Kesalahan fatal dalam sistem pendidikan di Indonesia adalah tidak menghargai pekerjaan dan ketrampilan tangan, termasuk pelatihan kerja. Siswa hanya diberi materi-materi tertulis di buku maupun materi-materi yang didikte, tetapi jika disuruh menerapkannya dalam kehidupan sehari-hari tidak mampu, sebabnya kenapa? Karena siswa tidak didorong untuk menghasilkan karya nyata atas apa saja materi yang ditawarkan. Materi lifeskill amat kurang daripada materi menghafal dan tulisan sehingga hanya meluluskan nilai-nilai tertulis bukan nilai-nilai yang terimplementasikan dalam sebuah aktivitas.

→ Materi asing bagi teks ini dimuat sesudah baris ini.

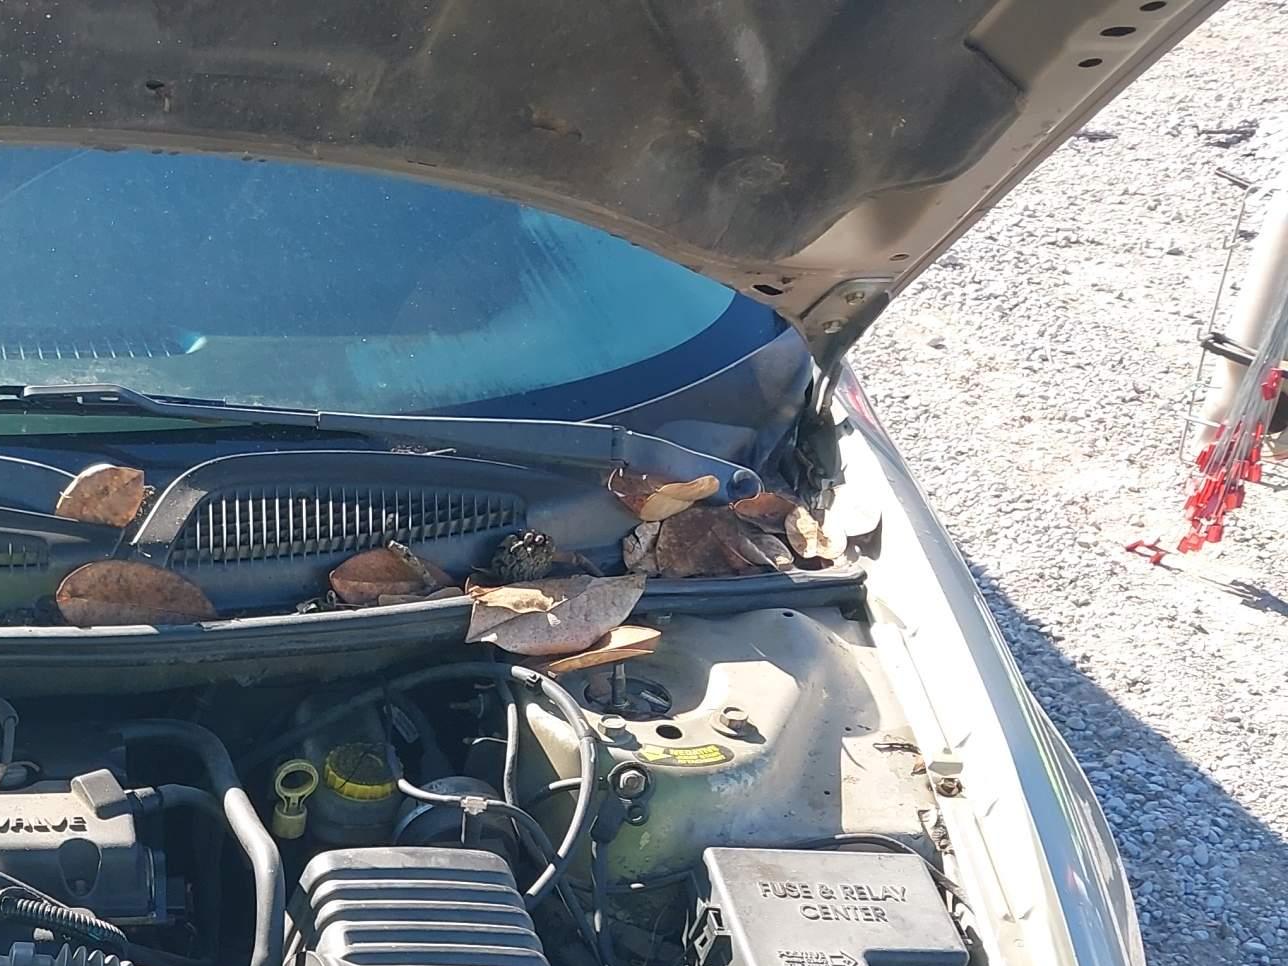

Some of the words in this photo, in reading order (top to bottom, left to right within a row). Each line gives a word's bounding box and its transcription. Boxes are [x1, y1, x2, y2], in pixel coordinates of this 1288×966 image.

3.Pelajar Tidak Terlatih Mengamati Alam

Salah satu kekeliruan terbesar dunia pendidikan kita adalah alam semesta telah terusir dan terpangkas menjadi pelajaran-pelajaran buku teks ilmu alam,bukan pelajaran tentang bagaimana mengamati, mengklasifikasi, meneliti dan mengobservasi alam secara langsung.Membenamkan teks dan kalimat bukan meneliti apalagi mengobservasi, tidak lebih hanyalah sebuah permainan kata-kata yang tidak bermakna dan penuh dengan kegiatan pembenaman kalimat-kalimat kedalam benak anak didik. Maka yang dihasilkan adalah manusia-manusia yang hanyalah sekedar meringkas, mencontek, mengeja, mengekor dan menjiplak hasil karya ilmiah yang dihasilkan oleh peneliti dan pengeksplorasi asing tanpa kita bisa menghasilkan individu-individu andal dibidang ilmu alam.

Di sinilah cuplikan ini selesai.